* [INPUT FOR THIS TASK]
================================
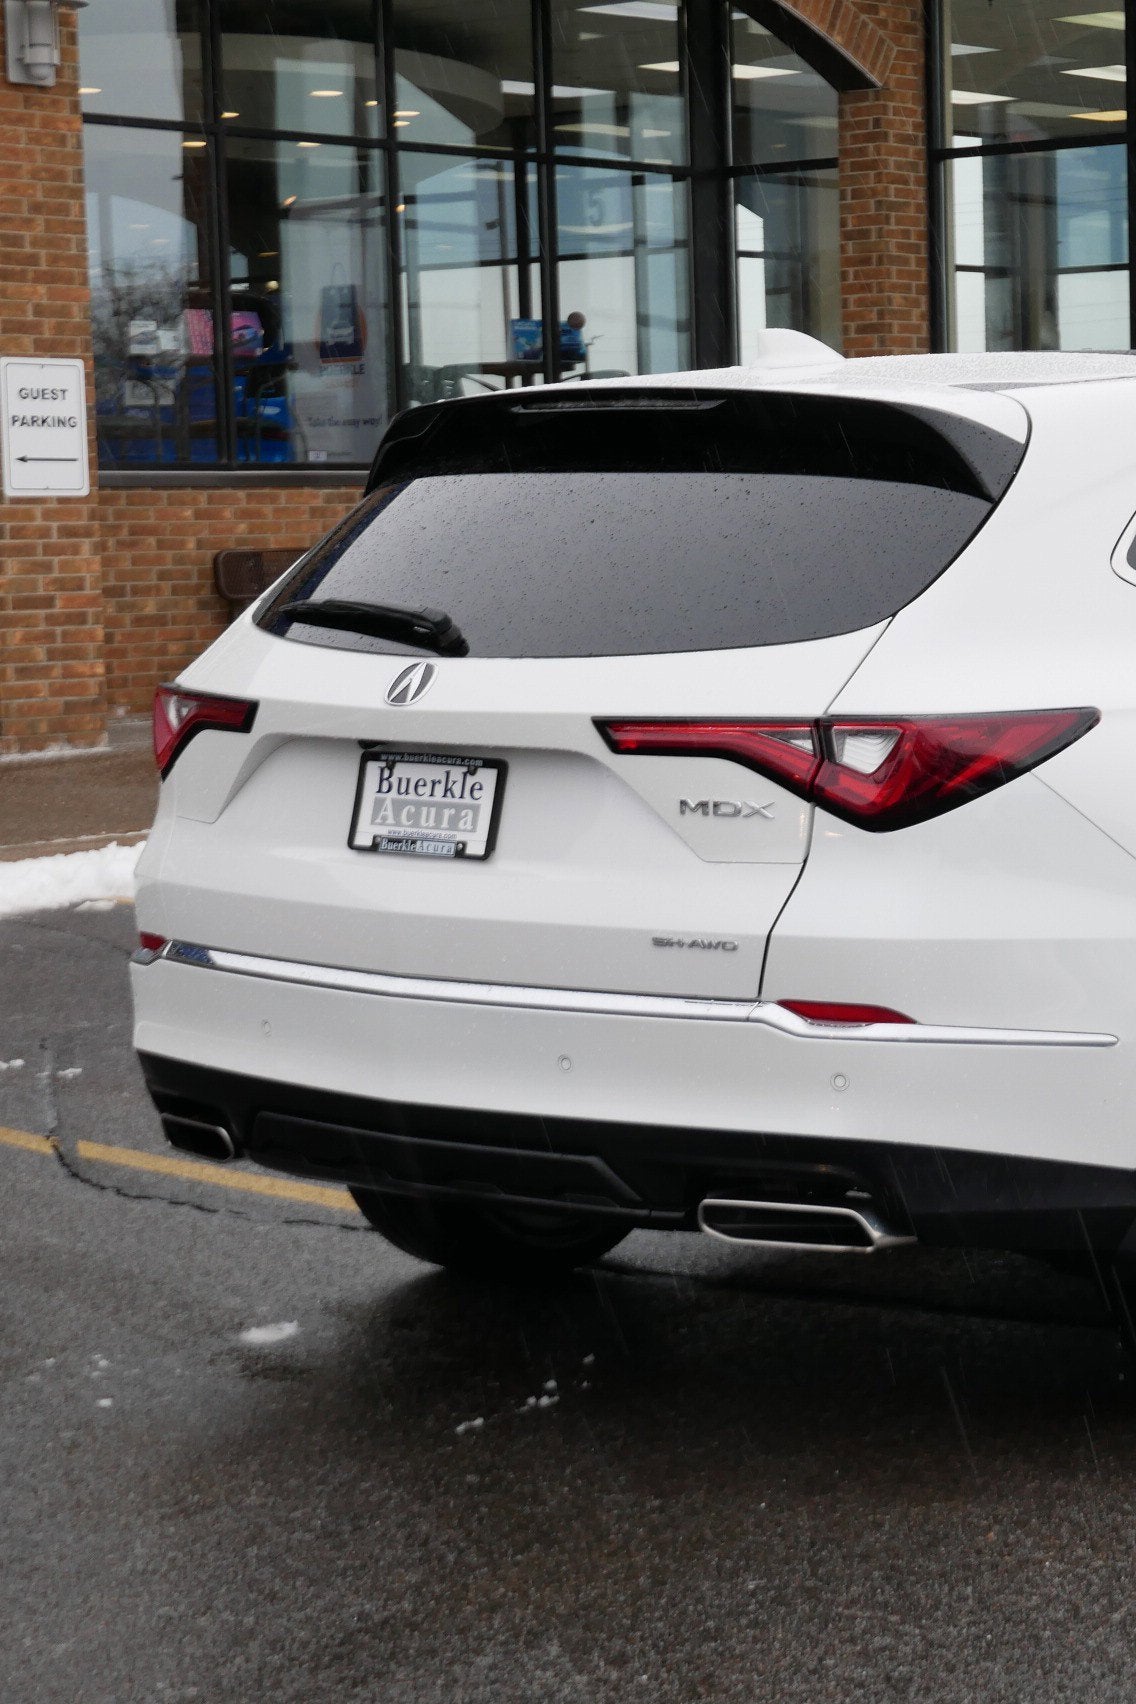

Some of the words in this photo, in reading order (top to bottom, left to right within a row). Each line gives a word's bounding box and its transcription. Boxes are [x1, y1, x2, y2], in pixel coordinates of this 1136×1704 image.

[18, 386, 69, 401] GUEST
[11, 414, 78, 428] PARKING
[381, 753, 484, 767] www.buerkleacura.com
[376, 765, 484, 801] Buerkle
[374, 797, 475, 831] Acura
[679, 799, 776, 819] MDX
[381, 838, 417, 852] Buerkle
================================
* [EXERCISE DETAILS] For this exercise, write the listing out again exactly, excluding all images.

* [RESPONSE BOX]
Some of the words in this photo, in reading order (top to bottom, left to right within a row). Each line gives a word's bounding box and its transcription. Boxes are [x1, y1, x2, y2], in pixel coordinates of this 1136×1704 image.

[18, 386, 69, 401] GUEST
[11, 414, 78, 428] PARKING
[381, 753, 484, 767] www.buerkleacura.com
[376, 765, 484, 801] Buerkle
[374, 797, 475, 831] Acura
[679, 799, 776, 819] MDX
[381, 838, 417, 852] Buerkle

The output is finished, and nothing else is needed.